- **Exercise objective**: Restate each record below word for word, skipping images.

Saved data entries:
---*---

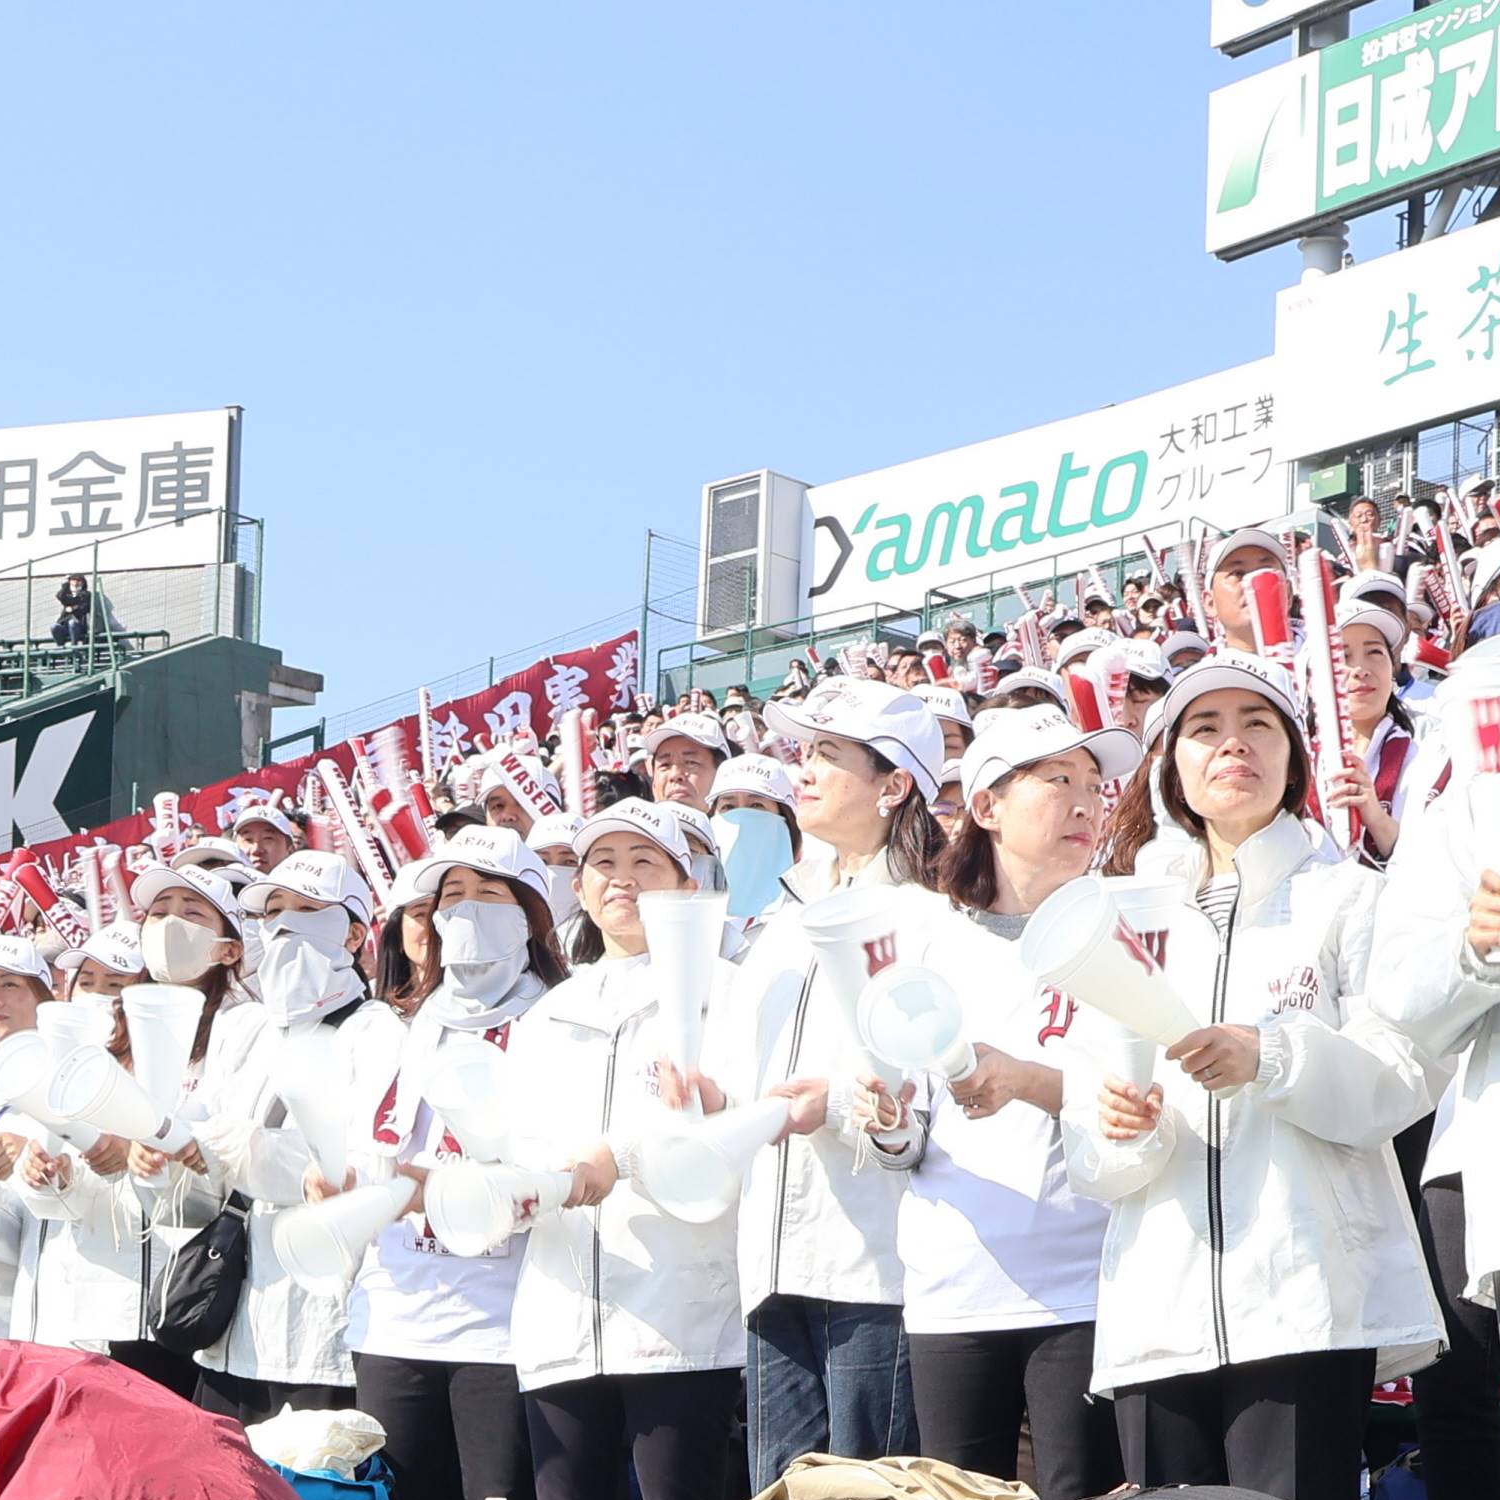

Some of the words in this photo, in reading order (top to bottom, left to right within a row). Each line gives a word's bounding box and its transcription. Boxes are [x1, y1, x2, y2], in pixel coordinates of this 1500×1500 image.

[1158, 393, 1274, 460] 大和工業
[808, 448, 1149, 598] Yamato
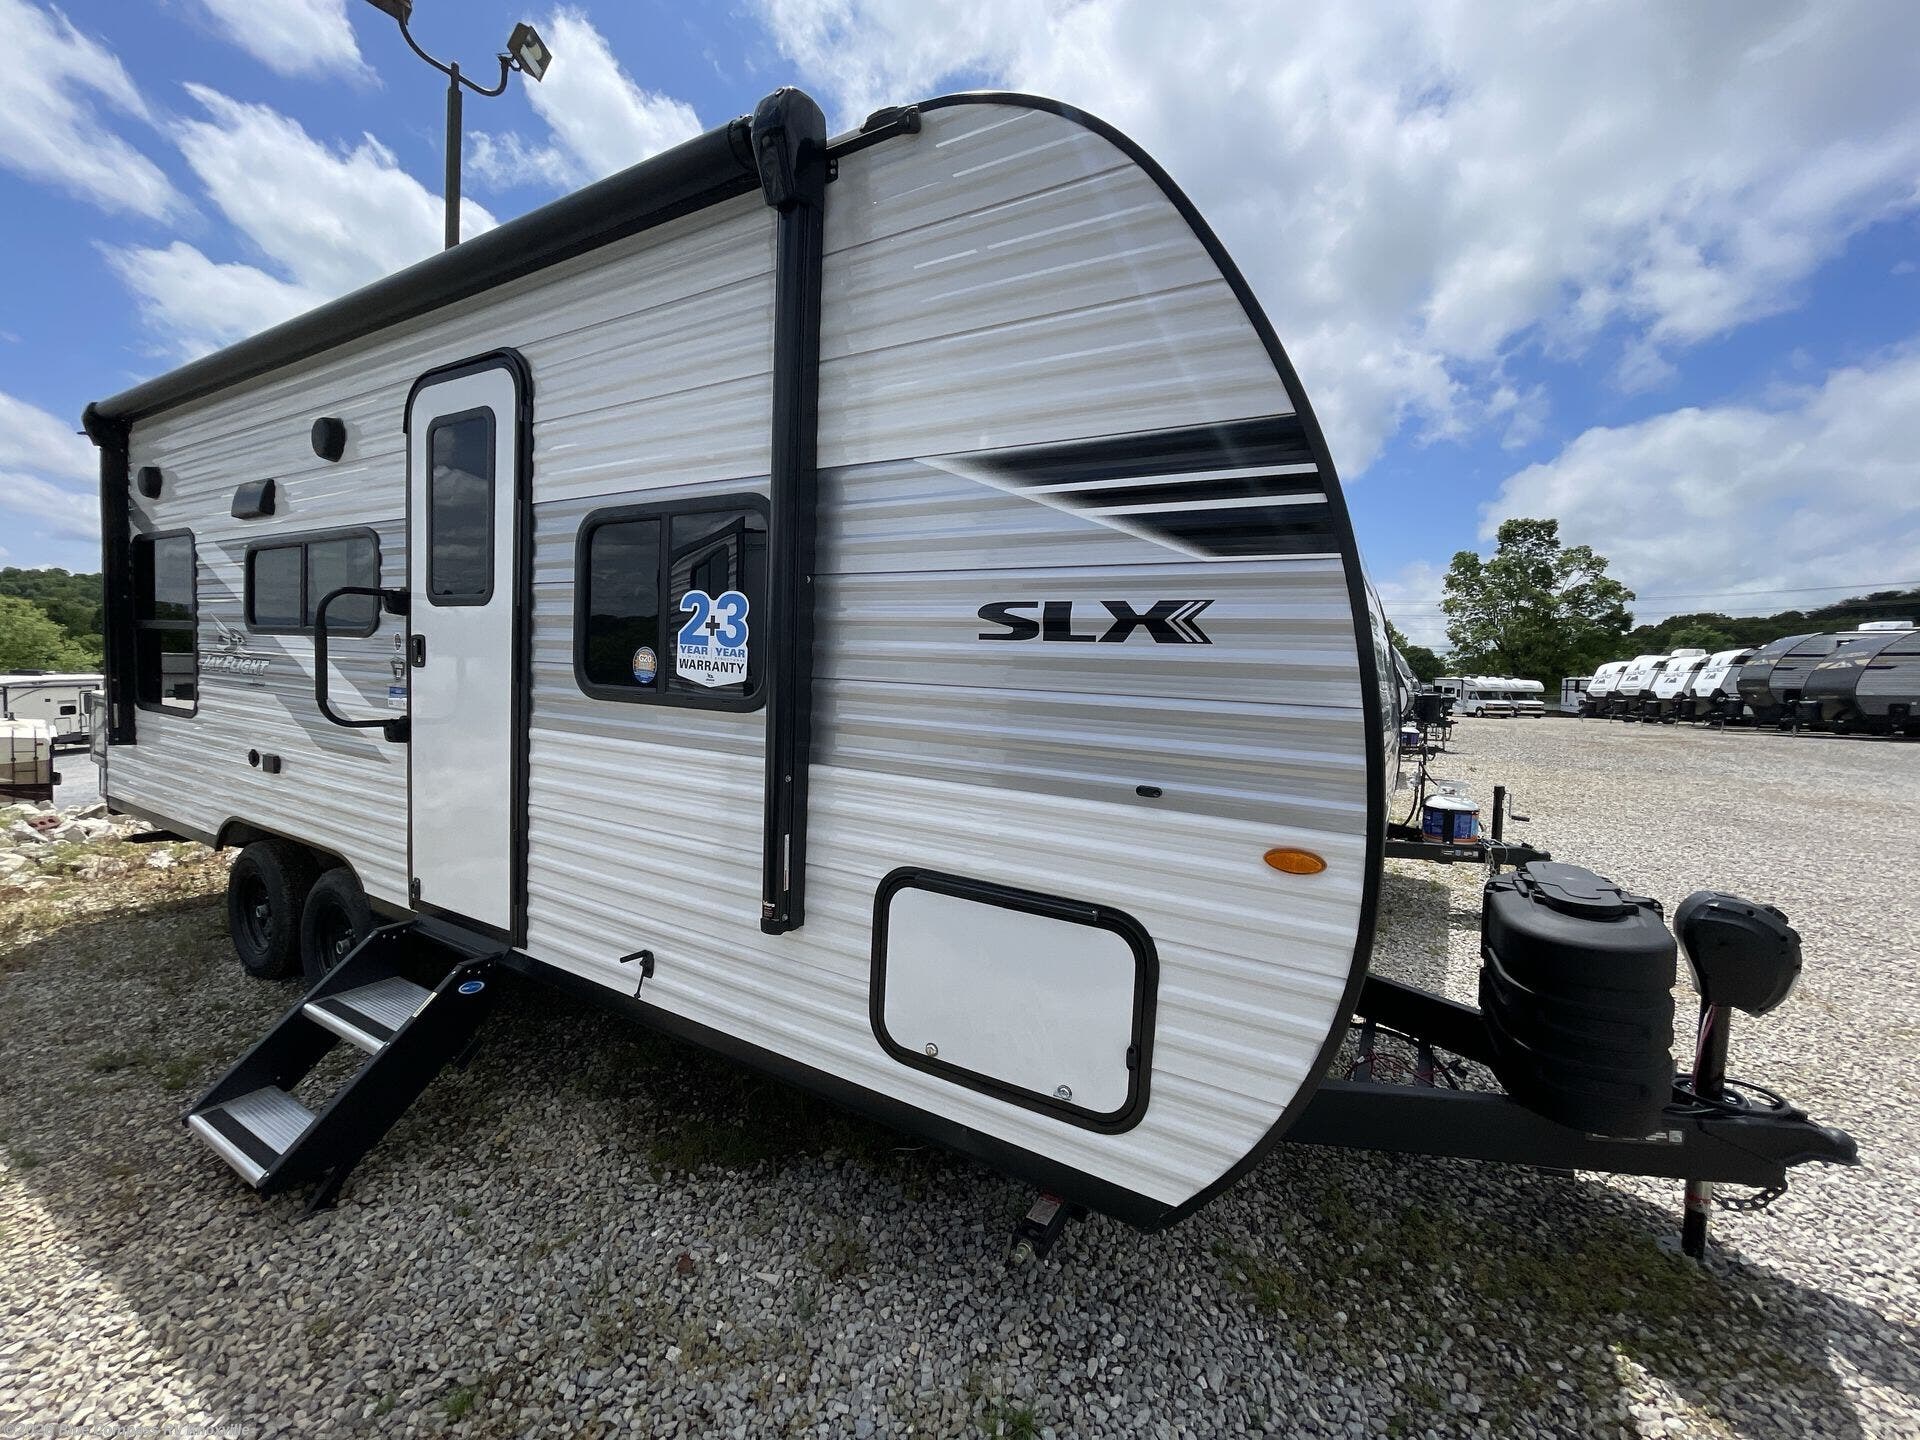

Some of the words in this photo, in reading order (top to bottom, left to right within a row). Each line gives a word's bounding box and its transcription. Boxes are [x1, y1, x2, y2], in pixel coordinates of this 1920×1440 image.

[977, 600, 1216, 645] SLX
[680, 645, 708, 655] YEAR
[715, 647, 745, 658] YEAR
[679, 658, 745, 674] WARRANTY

---*---

- **Exercise solution**:
Some of the words in this photo, in reading order (top to bottom, left to right within a row). Each line gives a word's bounding box and its transcription. Boxes are [x1, y1, x2, y2], in pixel coordinates of this 1500×1500 image.

[1158, 393, 1274, 460] 大和工業
[808, 448, 1149, 598] Yamato

Some of the words in this photo, in reading order (top to bottom, left to right within a row). Each line gives a word's bounding box and its transcription. Boxes are [x1, y1, x2, y2], in pixel coordinates of this 1920×1440 image.

[977, 600, 1216, 645] SLX
[680, 645, 708, 655] YEAR
[715, 647, 745, 658] YEAR
[679, 658, 745, 674] WARRANTY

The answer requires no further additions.